II. Si quieres considerar ahora sus efectos y estragos, verás que ninguna calamidad costó más al género humano. Verás los asesinatos, envenenamientos, las mutuas acusaciones de cómplices, la desolación de ciudades, las ruinas de naciones enteras, las cabezas de sus jefes vendidas al mejor postor, las antorchas incendiarias aplicadas a las casas, las llamas franqueando los recintos amurallados y en vastas extensiones de país brillando las hogueras enemigas. Considera aquellas insignes ciudades cuyo asiento apenas se reconoce hoy: la ira las destruyó; contempla esas inmensas soledades deshabitadas; la ira formó esos desiertos. Considera tantos varones eminentes trasmitidos a nuestra memoria «como ejemplos del hado fatal»: la ira hiere a uno en su lecho, a otro en el sagrado del banquete; inmola a éste delante de las leyes en medio del espectáculo del foro, obliga a aquél a dar su sangre a un hijo parricida; a un rey a presentar la garganta al puñal de un esclavo, a aquel otro a extender los brazos en una cruz. Y hasta ahora solamente he hablado de víctimas aisladas; ¿qué será si omitiendo aquellos contra quienes se ha desencadenado particularmente la ira, fijas la vista en asambleas destruidas por el hierro, en todo un pueblo entregado en conjunto a la espada del soldado, en naciones enteras confundidas en la misma ruina, entregadas a la misma muerte como habiendo abandonado todo cuidado propio o despreciado la autoridad? ¿Por qué se irrita tan injustamente el pueblo contra los gladiadores si no mueren en graciosa actitud? considérase despreciado, y por sus gestos y violencias, de espectador se trueca en enemigo. Este sentimiento, sea el que quiera, no es ciertamente ira, sino cuasi ira; es el de los niños que, cuando caen, quieren que se azote al suelo, y frecuentemente no saben contra quién se irritan: irrítanse sin razón ni ofensa, pero no sin apariencia de ella ni sin deseo de castigar. Engáñanles golpes fingidos, ruegos y lágrimas simuladas les calman, y la falsa ofensa desaparece ante falsa venganza.
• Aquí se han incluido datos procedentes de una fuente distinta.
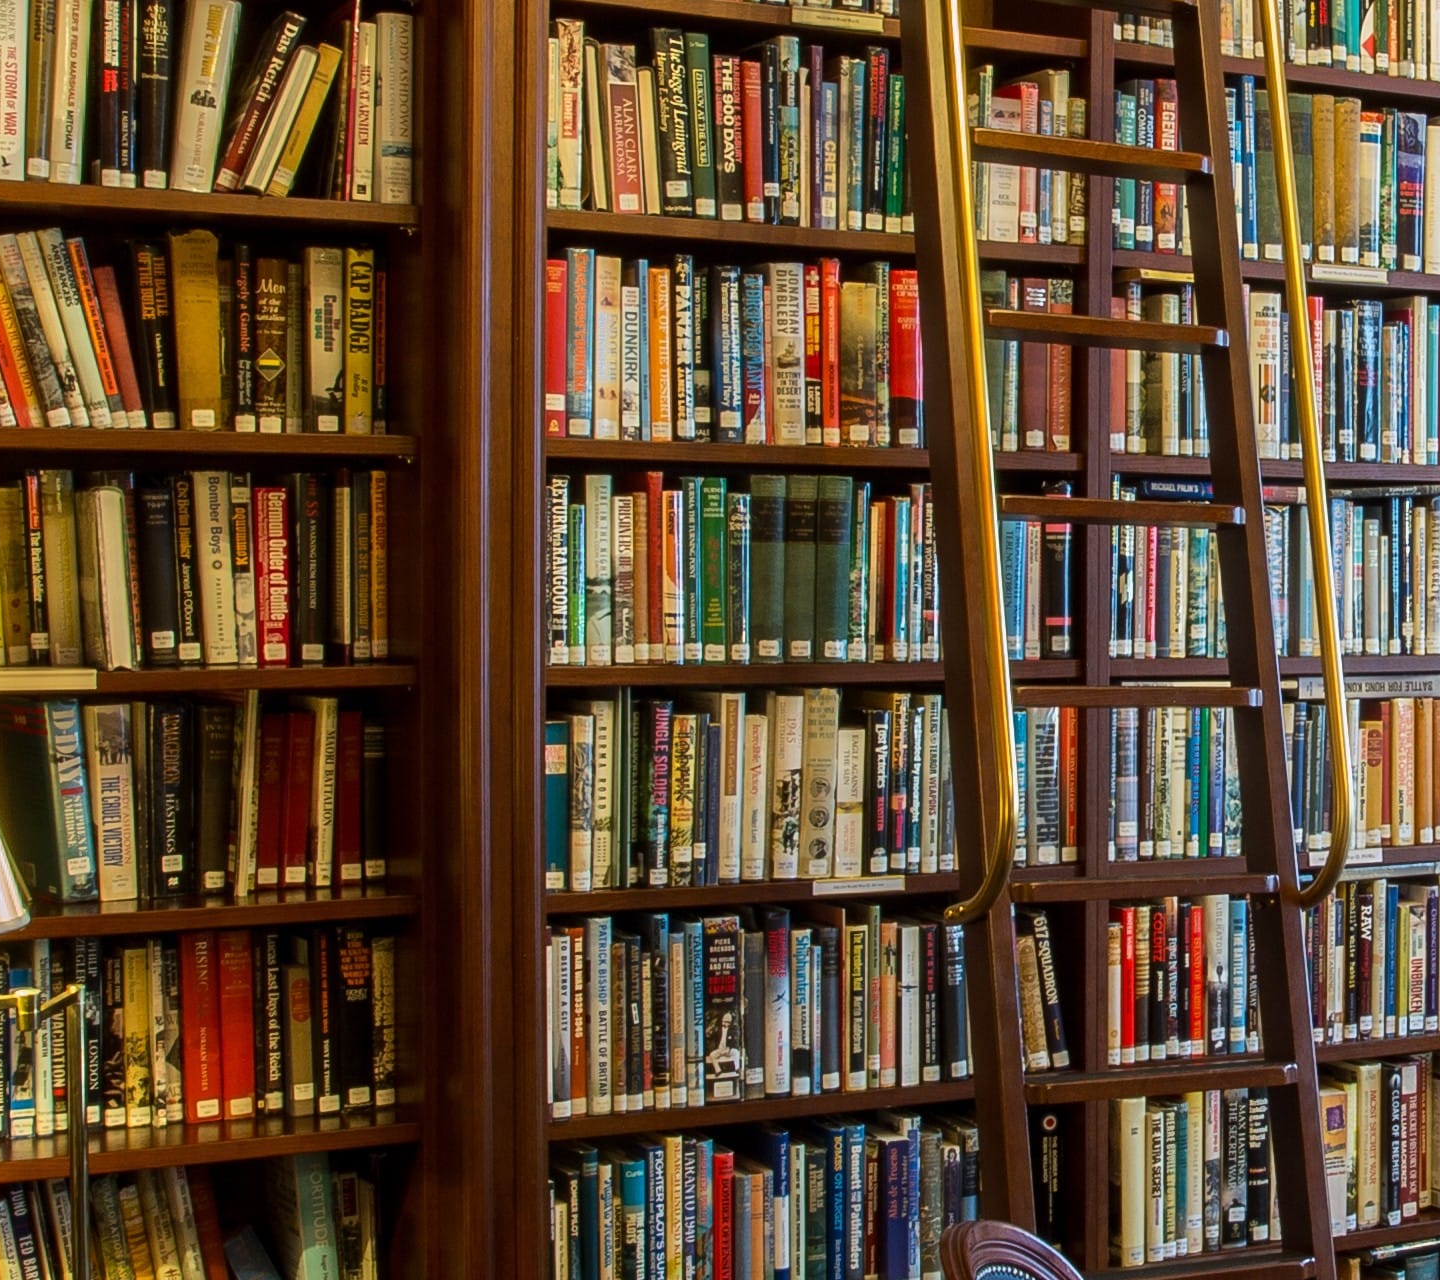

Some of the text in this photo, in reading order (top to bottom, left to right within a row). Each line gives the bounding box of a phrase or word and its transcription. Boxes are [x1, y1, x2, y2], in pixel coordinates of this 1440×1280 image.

[255, 22, 300, 103] Das Reich
[4, 64, 18, 136] STORM WAR
[722, 58, 735, 174] THE 900 DAYS
[614, 104, 626, 176] BARBAROSSA
[623, 98, 638, 183] ALAN CLARK
[824, 141, 833, 194] CRETE
[257, 278, 286, 294] Men
[349, 262, 372, 354] CAP BADGE
[775, 269, 788, 334] DIMBLEBY
[788, 269, 799, 334] JONATHAN
[624, 310, 639, 383] DUNKIRK
[207, 476, 222, 562] Bomber Boys
[268, 492, 287, 621] German Order Battle
[52, 707, 80, 787] D-DAY
[654, 707, 669, 805] JUNGLE SOLDIER
[794, 936, 810, 1004] Shiphunters
[1034, 917, 1059, 1004] 617 SQUADRON
[1410, 958, 1422, 1013] UNBROKEN
[20, 1233, 35, 1253] TED
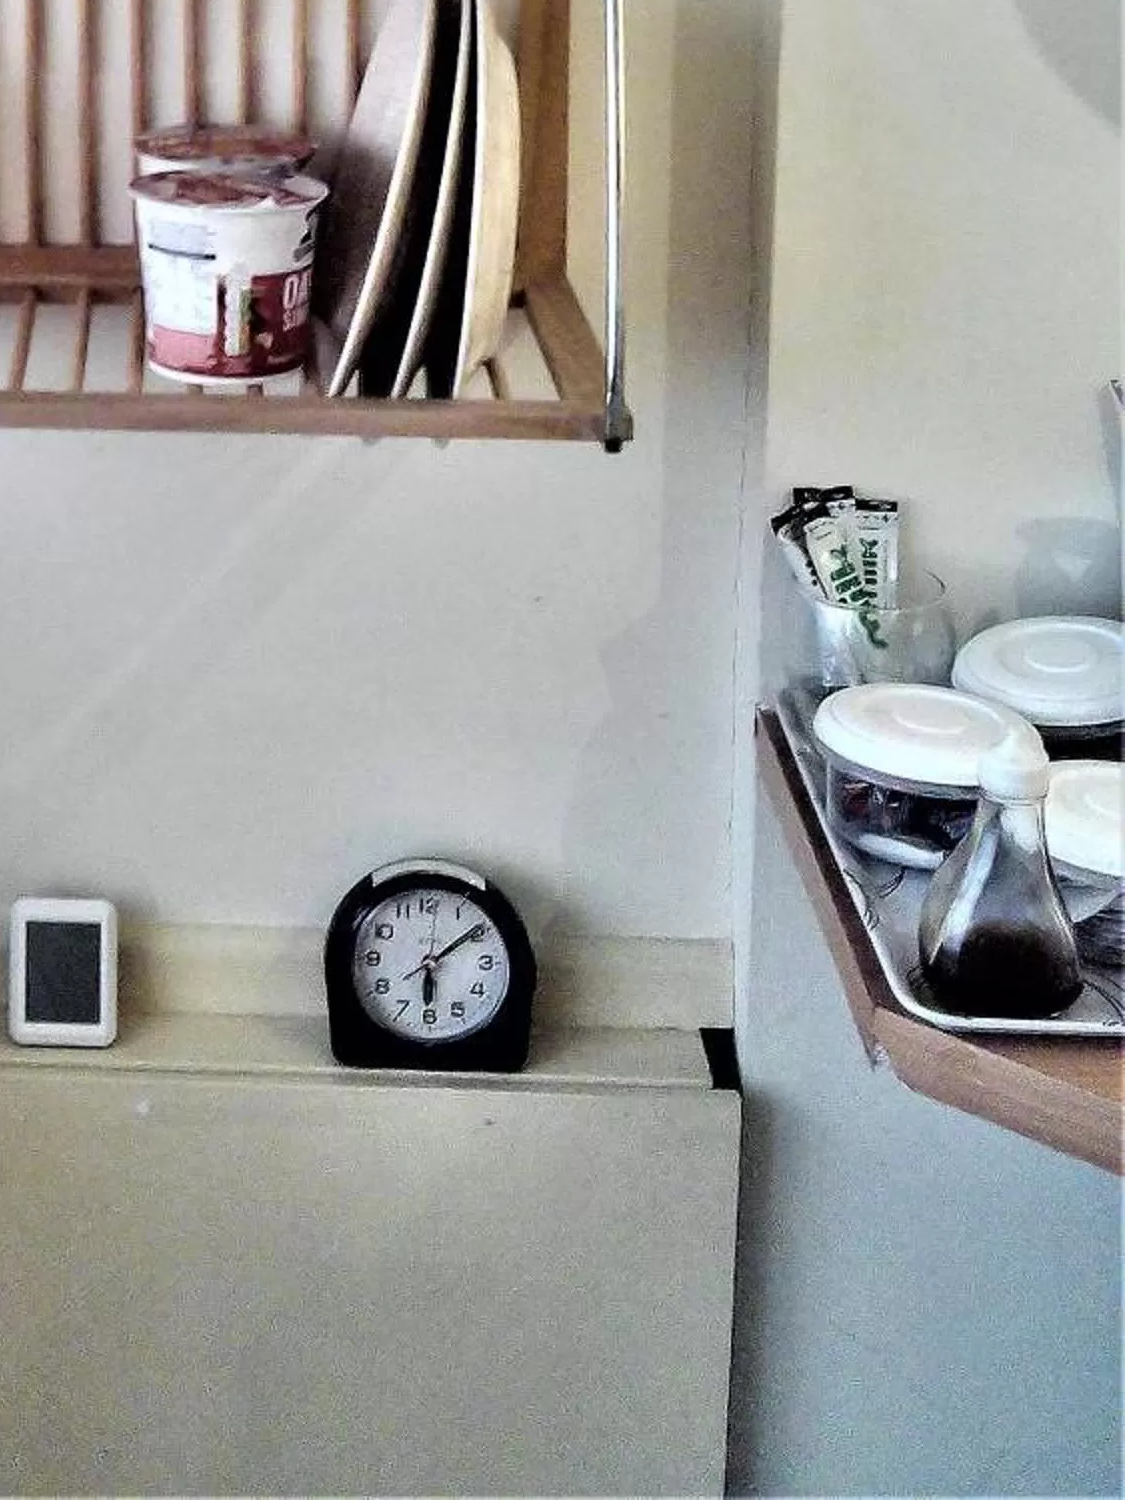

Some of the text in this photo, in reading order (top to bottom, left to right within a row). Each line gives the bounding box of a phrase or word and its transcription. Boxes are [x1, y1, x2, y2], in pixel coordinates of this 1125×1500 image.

[477, 954, 494, 971] 3
[374, 977, 486, 998] 8 4
[422, 1008, 438, 1025] 6
[450, 1001, 466, 1018] 5
III. «Nos irritamos con frecuencia, dicen algunos, no contra los que ofenden, sino contra los que han de ofender, lo cual demuestra que la ira no brota solamente de la ofensa». Verdad es que nos irritamos contra los que han de ofendernos; pero nos ofenden con sus mismos pensamientos, y el que medita una ofensa, ya la ha comenzado. «Para que te convenzas, dicen, de que la ira no consiste en el deseo de castigar, considera cuántas veces se irritan los más débiles contra los más poderosos: ahora bien, éstos no desean un castigo que no pueden esperar». En primer lugar, hemos dicho que la ira es el deseo y no la facultad de castigar, y los hombres desean también aquello que no pueden conseguir. Además, nadie es tan humilde que no pueda esperar vengarse hasta del más encumbrado: para hacer daño somos muy poderosos. La definición de Aristóteles no se separa mucho de la nuestra, porque dice que la ira es el deseo de devolver el daño. Largo sería examinar detalladamente en qué se diferencia esta definición de la nuestra. Objétase contra las dos que los animales sienten la ira y esto sin recibir daño, sin idea de castigar o de causarlo, porque aunque lo causen, no lo meditan. Pero debemos contestar que los animales carecen de ira, como todo aquello que no es hombre; porque, si bien enemiga de la razón, solamente se desarrolla en el ser capaz de razón. Los animales sienten violencia, rabia, ferocidad, arrebato, pero no conocen más la ira que la lujuria, aunque para algunas voluptuosidades sean más intemperantes que nosotros. No debes creer aquel que dijo:

Non aper irasci meminit, non fidere cursu
Cerva nec armentis incurrere fortibus ursi 

De la ira: Séneca

Séneca. Lucio Anneo Séneca, conocido como Séneca el Joven para distinguirlo de su padre, fue un filósofo, político, orador y escritor romano que destacó por sus obras de carácter moralista. Provenía de una familia distinguida, perteneciente a la más alta sociedad hispana en una época en que la provincia de Hispania estaba en pleno auge dentro del Imperio Romano.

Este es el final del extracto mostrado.